Depending upon the next few weeks, I may try to see if I can work something out with my job, about working from home a day or two a week. I am hoping with the changes in medication that this will be completely unnecessary, but if my disease progresses, it may be one of the only choices I have left. I am hoping and praying and doing everything in my power, in order to aid in my recovery. What makes this difficult, is that in someways I am my own worst enemy. In order to ask for help, in order to ask for accomendations, in order to admit some form of defeat, in order to admit that I am not the person I once was, I have to overcome myself. I think the stark realization of the seriousness of my illnesses has been a slap in the face. I had such overwhelming success coming back from a severe traumatic brain injury, that I went in full force with my Crohn's diagnosis, being so incredibly confident, okay so albeit a bit cocky in that I had this battle in the bag. For the first couple of years, I did, and was even able to be medication free for a time. This most recent flare up and the additional diagnosis of AIH, has brought me back to reality, and shoved my cocky attitude in my face. I am not perfect. I am not a failure, and I cannot do everything alone. Which has been so incredibly difficult to admit. I hate asking for help. I hate feeling like a failure.

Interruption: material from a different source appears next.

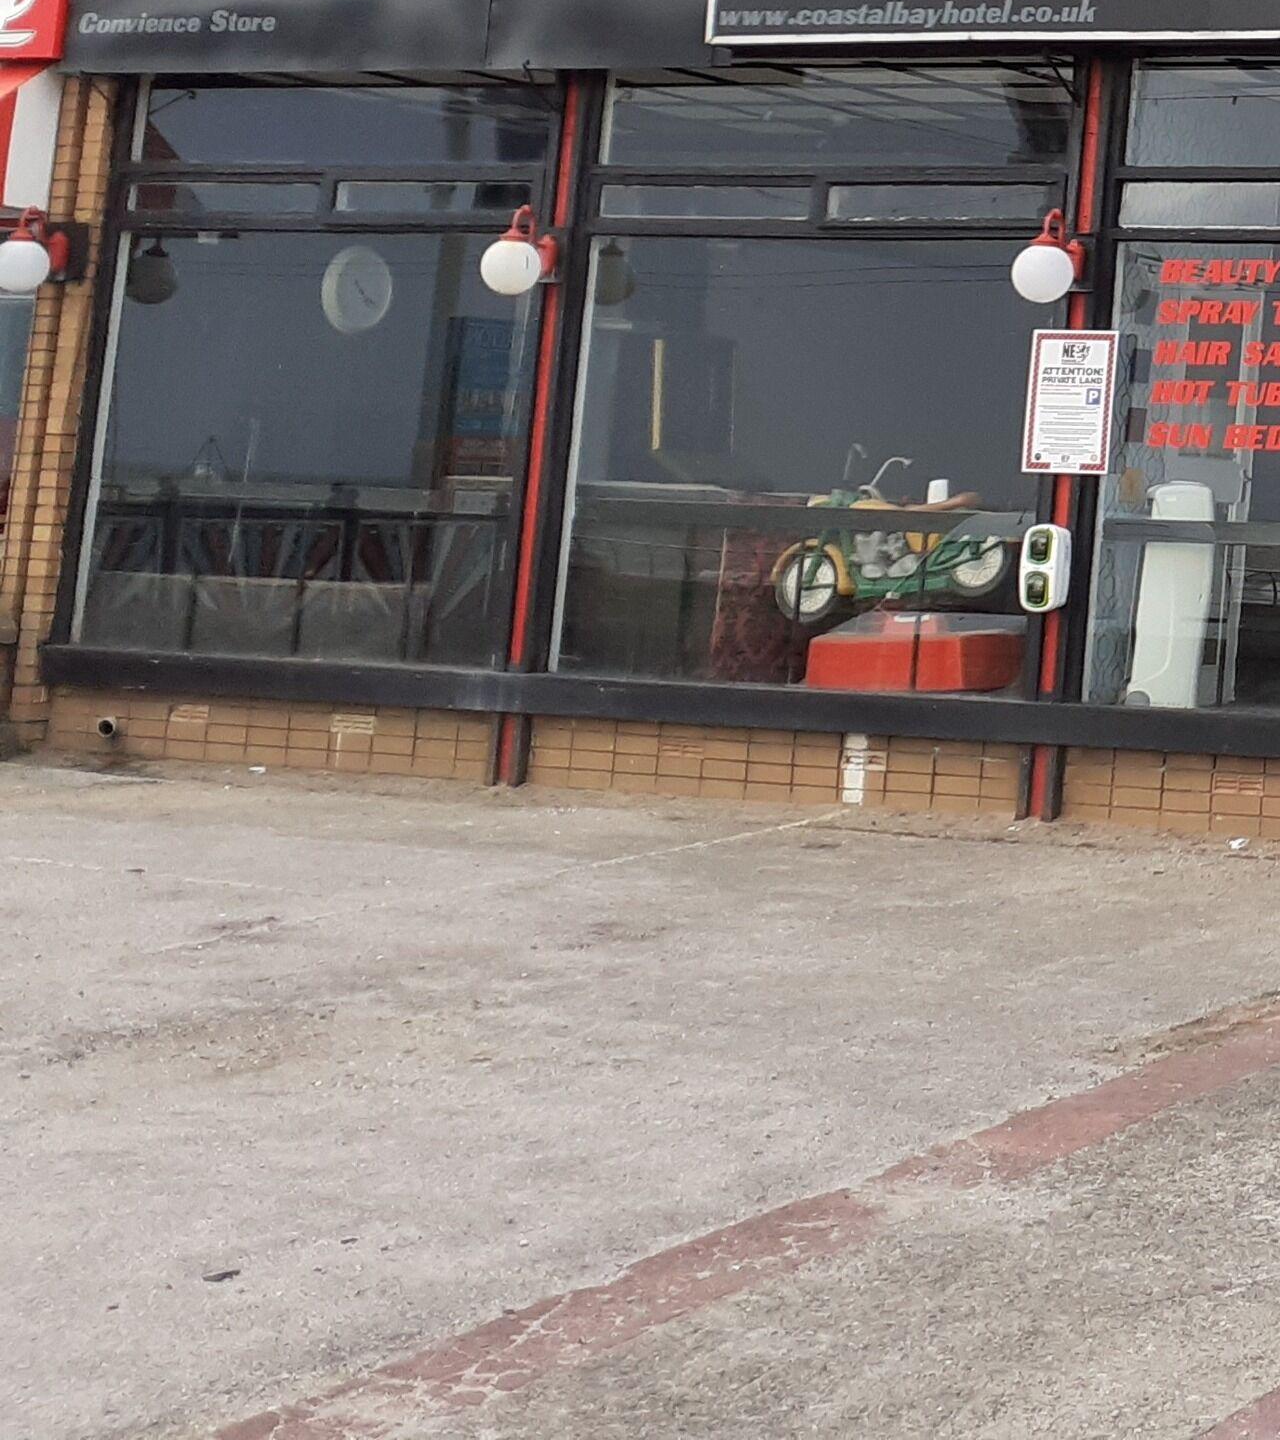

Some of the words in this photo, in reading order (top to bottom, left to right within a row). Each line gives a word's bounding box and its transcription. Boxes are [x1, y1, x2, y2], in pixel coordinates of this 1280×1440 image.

The past three months have scared me. I now see that I cannot ignore my issues, and that even if I attempt to do the best job ever, that sometimes, life is out of my hands, out of my control. It has been one of the most incredibly difficult things I have had to do this far in life. I don't consider it admitting to defeat, but that I need help in going at this. It is going to be a long, life long battle, with sometimes no end in sight. I just know I cannot do this alone any longer.